Bei Mozarts Musik beträgt der typische innere Rhythmus 0,5 sec. Damit kommt sie dem Herzschlag des Fetus mit 120 Schlägen pro Minute vor der Geburt sehr nahe. Sie erinnert das Kind (unbewusst) an diese frühe Zeit und eignet sich daher besonders gut zum Hervorrufen pränataler und frühkindlicher Erinnerungen. Die Werke von Wagner zeigen viele Töne mit wenig stabilem inneren Rhythmus; die Musik von Beethoven ist langsamer und viel gewaltiger.

Die hohe Stimme der Mutter vermittelt dem Kind Wohlbefinden, während die eher tiefe Stimme des Vaters für viele Varianten beim Spracherwerb notwendig ist. Alleinerziehende Mütter, aufgrund zerbrochener Familien oder beruflicher Abwesenheit des Vaters - räumlich und/oder zeitlich -, fast ausschließlich weibliche Erzieher in Kindergärten und nur wenige männliche Lehrer im Grundschulbereich schaffen keine idealen Bedingungen für das Lernen von Lesen und Schreiben.

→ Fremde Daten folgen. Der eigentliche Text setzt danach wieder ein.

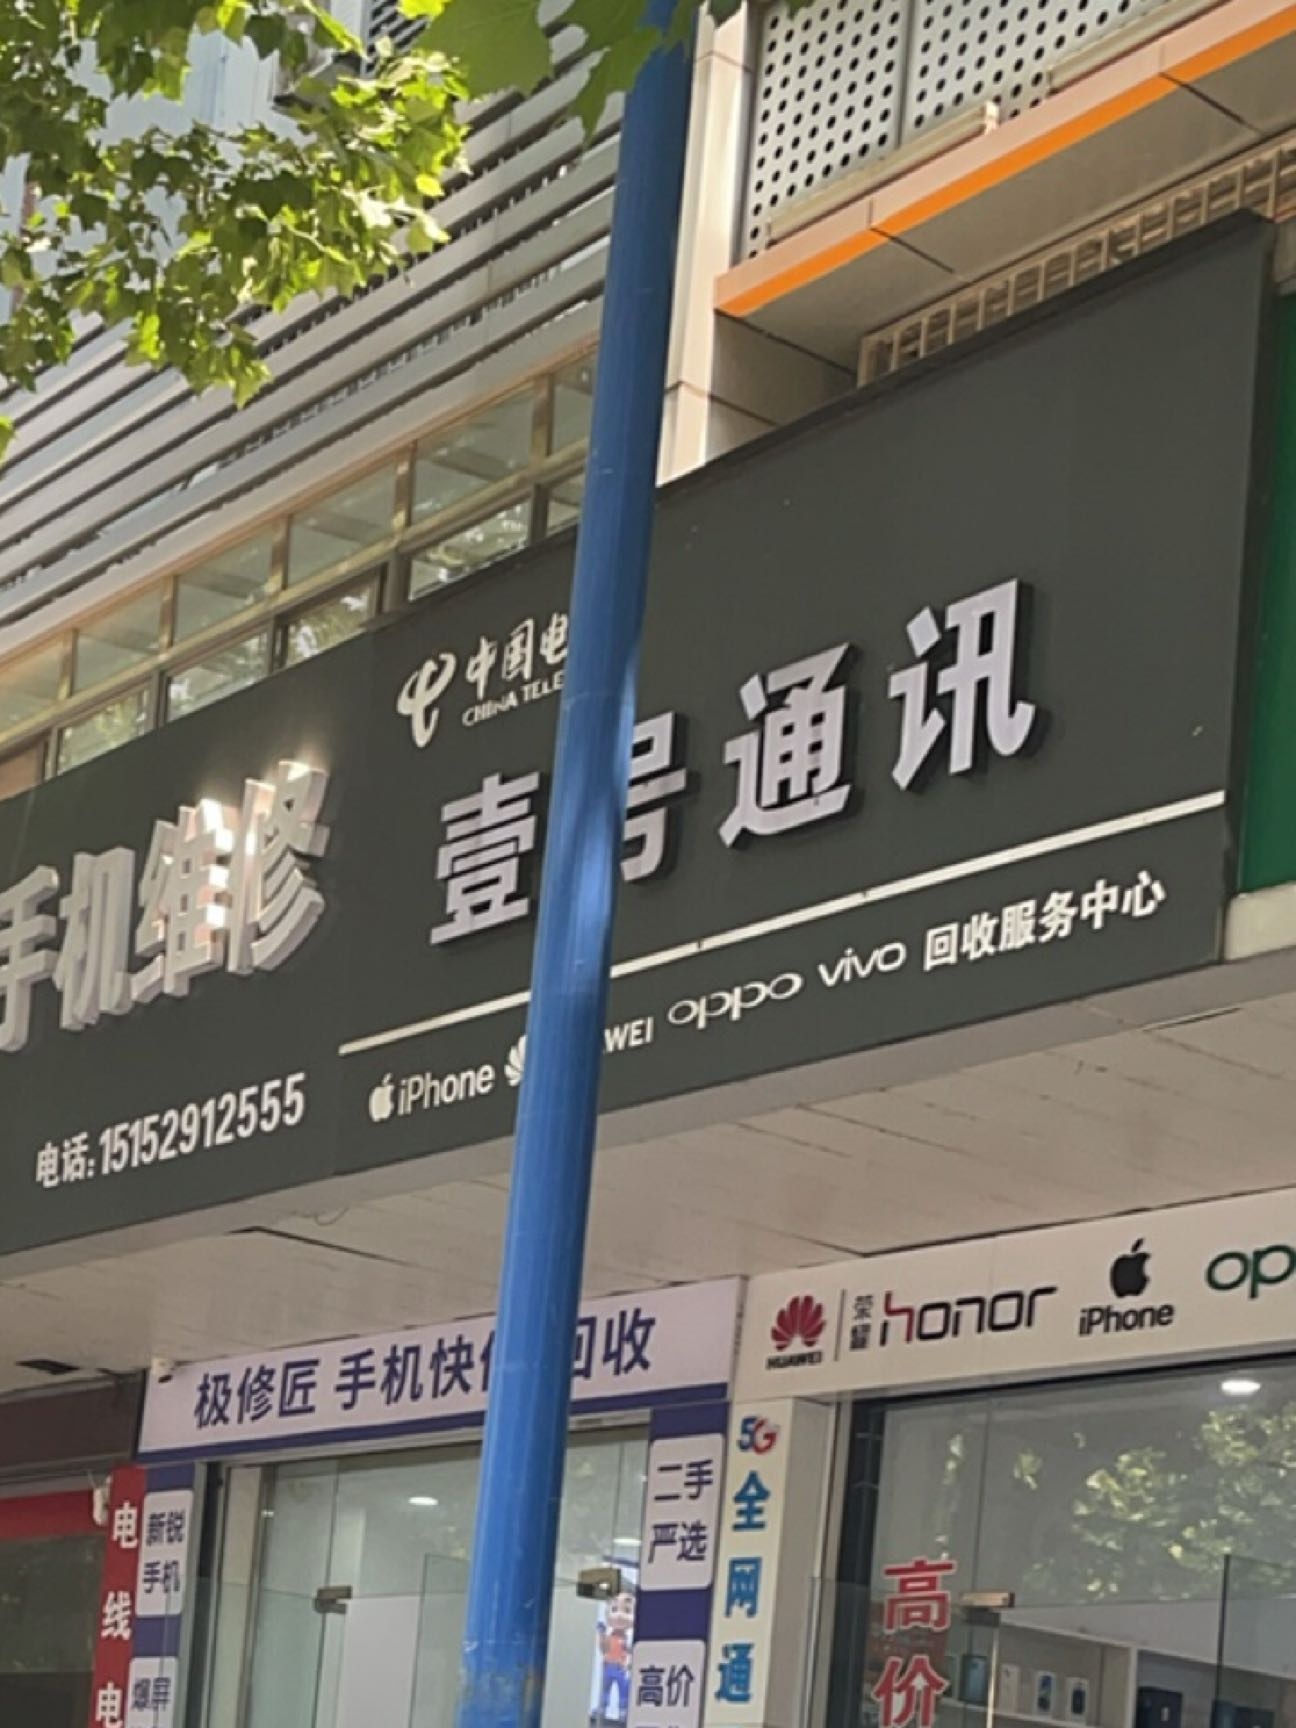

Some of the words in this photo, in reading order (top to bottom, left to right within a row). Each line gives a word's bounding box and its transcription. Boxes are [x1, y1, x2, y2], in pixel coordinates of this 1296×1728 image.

Gleichzeitig lernt das Kind im engen Kontakt mit der Mutter (vor allem beim Tragen), wie Spannungen im Körper entstehen und wie diese wieder abgebaut werden können. Einige Erfahrungen kennt es bereits aus seiner vorgeburtlichen Entwicklung, jetzt kommen jedoch noch viele andere Sinneswahrnehmungen hinzu, und das Kind nimmt langsam ein getrenntes Ich und Du wahr. Das Kind lebt in einem aktiven kommunikativen Austausch mit der Mutter. "Einen anderen Menschen verstehen heißt, seine Handlungsweise innerlich nachvollziehen zu können" (Schilling 1993, S. 56).

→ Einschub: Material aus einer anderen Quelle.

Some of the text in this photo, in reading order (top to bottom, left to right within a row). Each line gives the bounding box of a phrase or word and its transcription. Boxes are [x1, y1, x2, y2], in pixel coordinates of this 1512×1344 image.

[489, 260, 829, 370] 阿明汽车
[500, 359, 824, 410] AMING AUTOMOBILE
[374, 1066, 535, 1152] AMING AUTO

Mädchen haben es meist leichter, Empathie zu entwickeln. Ihre frühe Einheit mit der Mutter wird von der Identifikation mit ihr und von der Orientierung an ihrer Rolle als Frau abgelöst. Sicher gibt es auch für Mädchen Probleme, wenn eine männliche Bezugsperson nicht oder nicht ausreichend zur Verfügung steht, aber nicht in dem Maße wie für Jungen - bei ihnen auch im Hinblick auf Sprach-, Lese- und Schrifterwerb und vor allem im Umgang mit Spannungen und Aggressionen.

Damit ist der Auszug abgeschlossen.